Mistake: Only see in-house as implementers
Remember that one time when you viewed in-house as implementers who shouldn’t inform the deliverables?
For example, you get to the end of a process: new product identity. You hand off the guidelines to the design team. It’s their turn to run with everything.
But they bring up two issues with the guidelines. (This is when you start to realize they have a point.)
Number one, where in-house says: “These guidelines are so prescriptive that they minimize the role of the designer to 100% doer. There’s no flexibility.”
The process and outcomes are signaling: Don’t think about the brand touchpoint, just follow these rules. Nevermind that they don’t provide the right balance of guidance and openness to accommodate the range of necessary communication these days.
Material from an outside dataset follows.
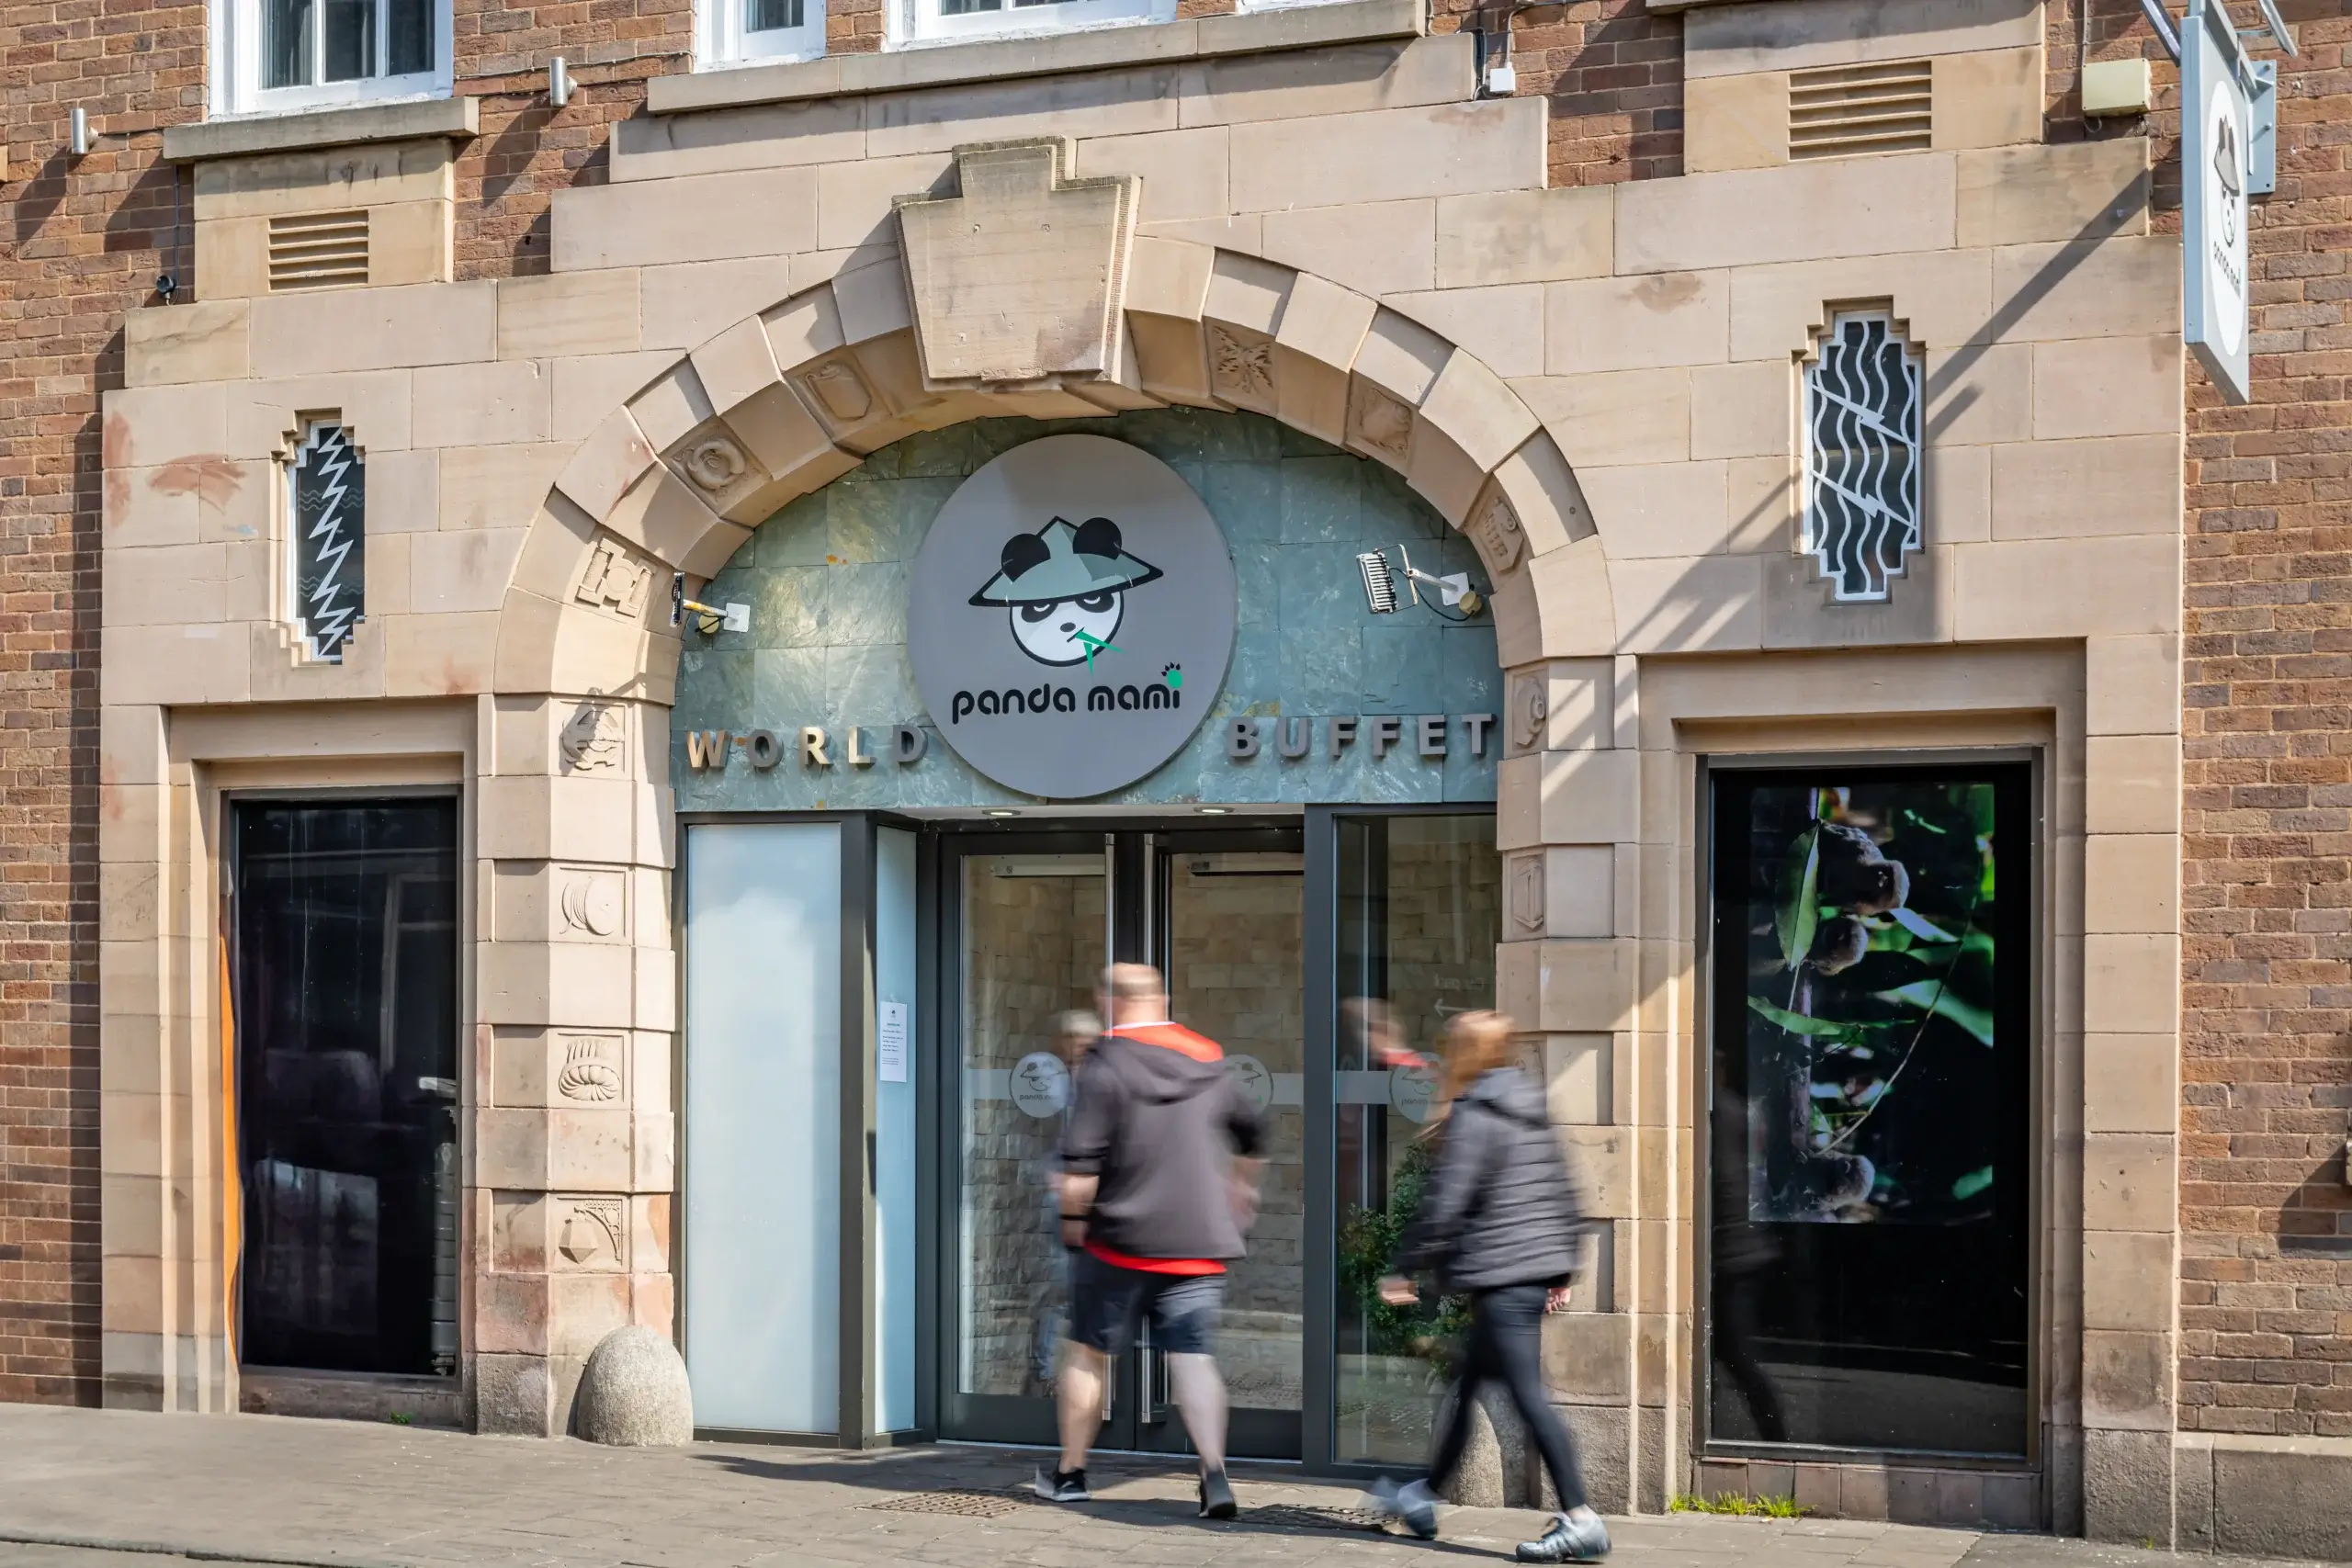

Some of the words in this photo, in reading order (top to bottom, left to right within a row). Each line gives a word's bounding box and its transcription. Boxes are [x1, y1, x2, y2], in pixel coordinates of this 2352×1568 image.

[952, 682, 1076, 725] panda
[1088, 671, 1182, 712] mami
[686, 724, 928, 770] WORLD
[1226, 712, 1496, 760] BUFFET
Number two, where in-house says: “These guidelines have key pieces that are off, missing, or simply won’t work.”
The process signals: Follow these rules, don’t mind the exceptions. Nevermind if they don’t work. It’s your job to fix this thing.
Mistake: Overlook human nature
It’s useful to empathize with the people on your in-house teams who are designing and writing for your brand every day.
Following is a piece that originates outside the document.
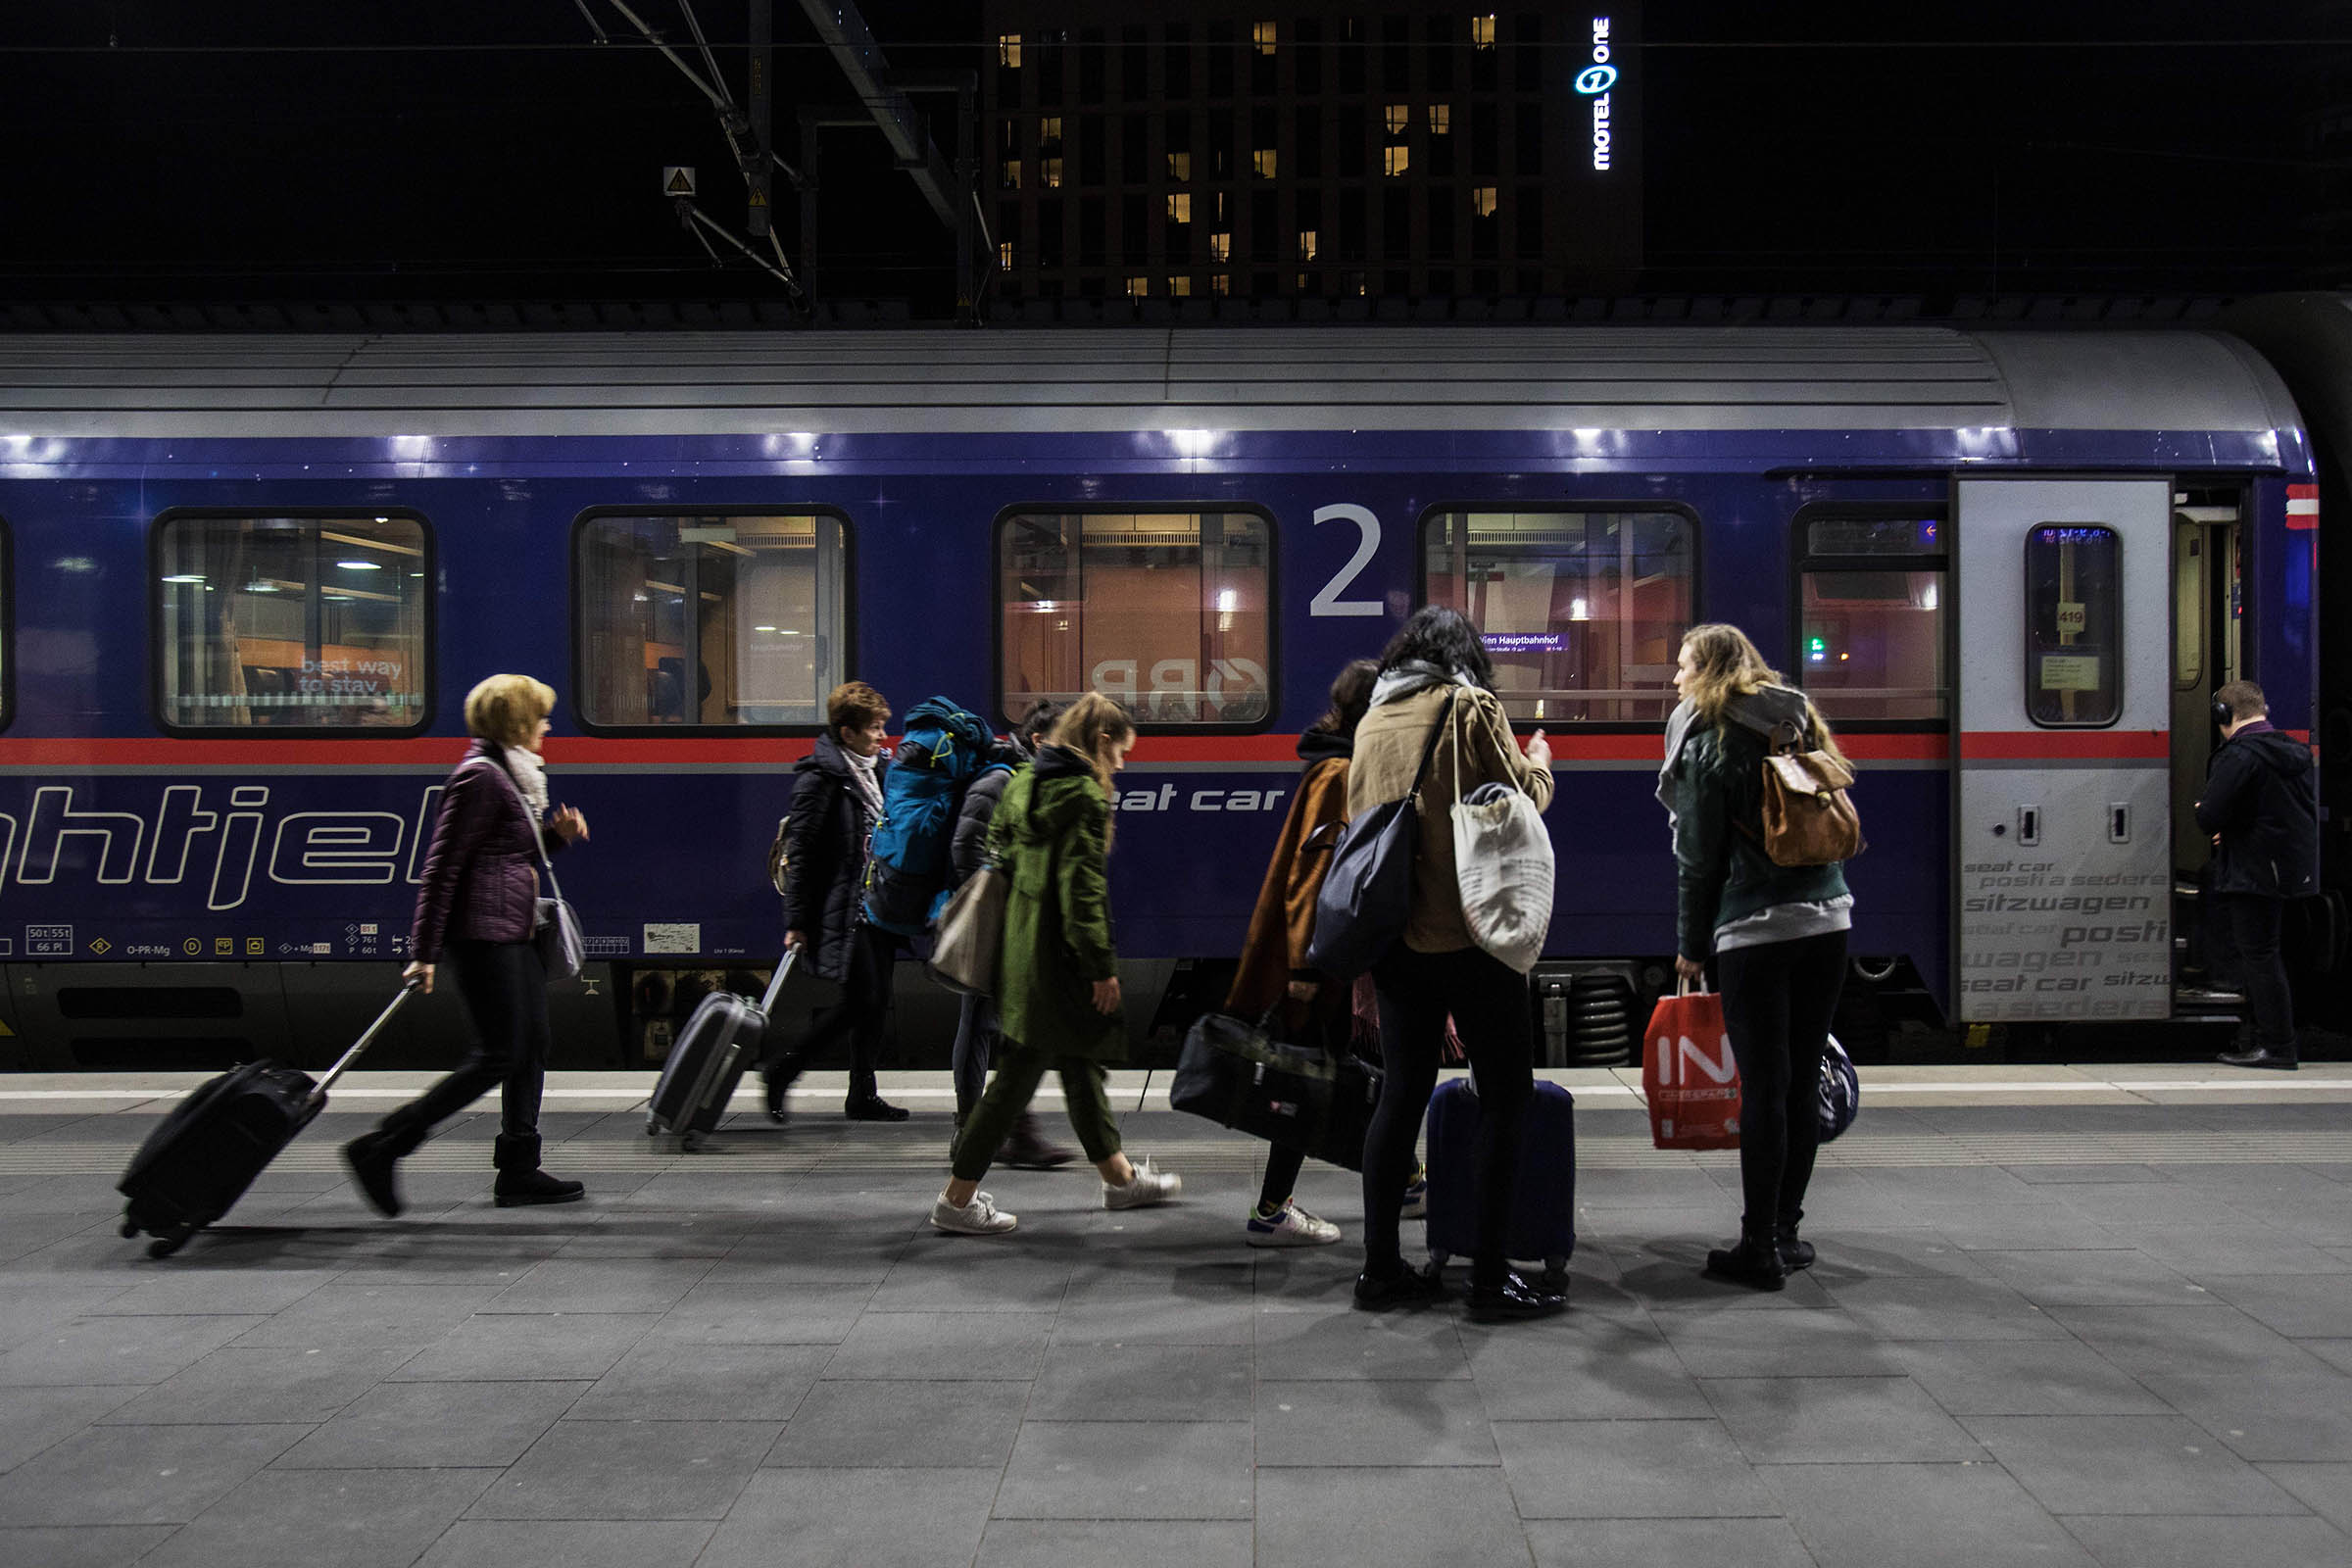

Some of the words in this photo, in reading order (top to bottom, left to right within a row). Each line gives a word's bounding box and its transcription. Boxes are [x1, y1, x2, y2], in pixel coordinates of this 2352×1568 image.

If you bring in an outside agency, the in-house team has a very high chance of feeling personally slighted — unless you actively do something about it. If you don’t get ahead of the narrative, it will be perceived that an agency was needed because you (team) are inadequate.
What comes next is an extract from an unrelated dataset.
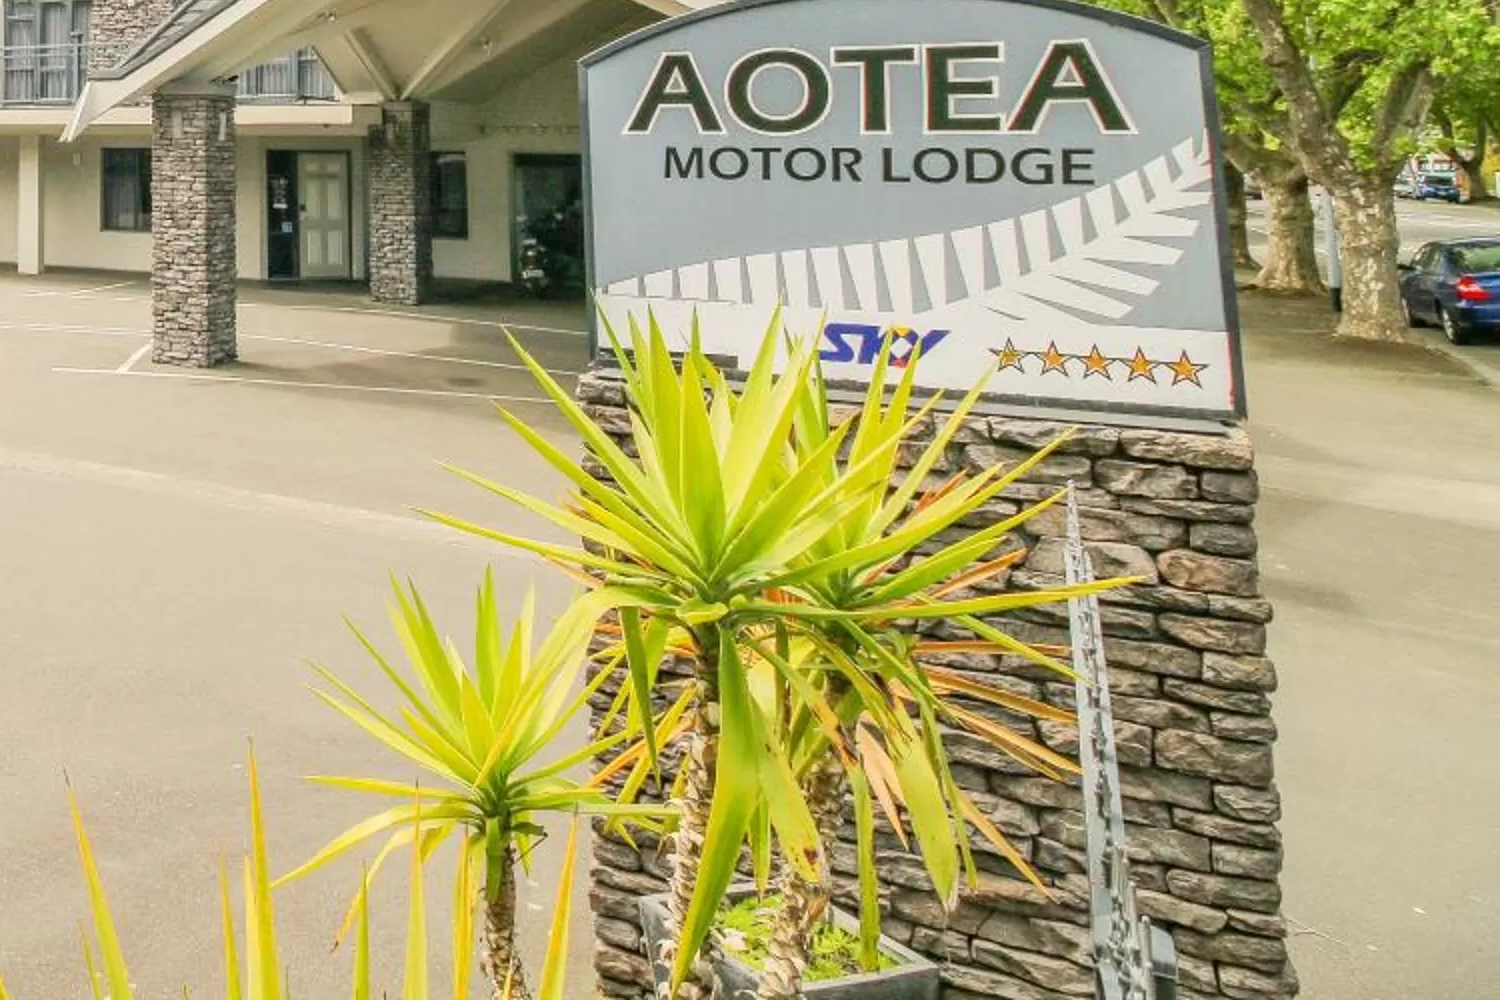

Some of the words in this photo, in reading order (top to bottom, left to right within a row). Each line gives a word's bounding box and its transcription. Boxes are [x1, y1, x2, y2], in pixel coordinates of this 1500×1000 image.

[624, 39, 1138, 135] AOTEA
[663, 146, 862, 182] MOTOR
[882, 147, 1096, 186] LODGE
So if you ignore in-house early, you are dramatically increasing the chances they’ll challenge the work. If it’s not outright organ rejection—they’ll pick at it relentlessly until it dies a slow death.
This is also known commonly as the “NIH” (Not Invented Here) principle. But I think it has deep emotional factors that can be hard for even the most humble and accommodating team players to control.
New Kinders have been on both sides of this one…
Mistake: Fail to provide context
Related to the above mistake is what happens when you excitedly hand off the final deliverables to cold hands. Fast forward 90 days—the creativity and uniqueness you were so fond of is stripped from the work.
This is common when implementers don’t have access to the insights that shaped the work they’re using.
Like when a writer is tasked with rolling out new messaging, but wasn’t involved in the preceding strategy process. They have the message framework, but don’t have access to the thinking, insights, or customer research that led to those conclusions. They miss a lot of useful context that would help them create, and help the company leverage its previous investment.
Another example: a design system project. Where the brand team is updating the brand system. If the process doesn’t involve a UX lead or a product team representative — then you may find your brand colors may not have any counterparts in the product UI. Another miss.
In-house teams have so much to produce, and are continuously working through the backlog. They’re typically open to bringing in an outside partner to handle a potential workstream. Especially when they get to offer their thoughts.
Consider this shortlist a starting point for finding smart ways to maximize in-house team input and overall success.
Achieve brand alignment with your in-house teams
Hint: Do the opposite of the headlines above… Avoid the risk of rework, and the pull to make haste.
Here are five smart ways to involve in-house teams:
- Invite them to help you scope what’s needed from an agency partner
- Invite them to build the case with why an external partner needs to be brought in
- Invite them to outline the requirements that the end deliverable needs to meet
- Invite them into the process, while shaping the type of feedback you’re looking for
- Invite them to share the biggest landmines you must avoid during the process and implementation
Everyone will be better off. And in-house folks will notice your efforts to fight the forces that can squash a process. You’ll build mutual trust and increase the probability of a successful outcome. Not to mention you’ll be addressing common pain points the internal teams face.
Bank the goodwill. It’ll come in handy during the inevitable volatility of the creative process. And the perpetual give and take of evolving company and product brands brands simultaneously.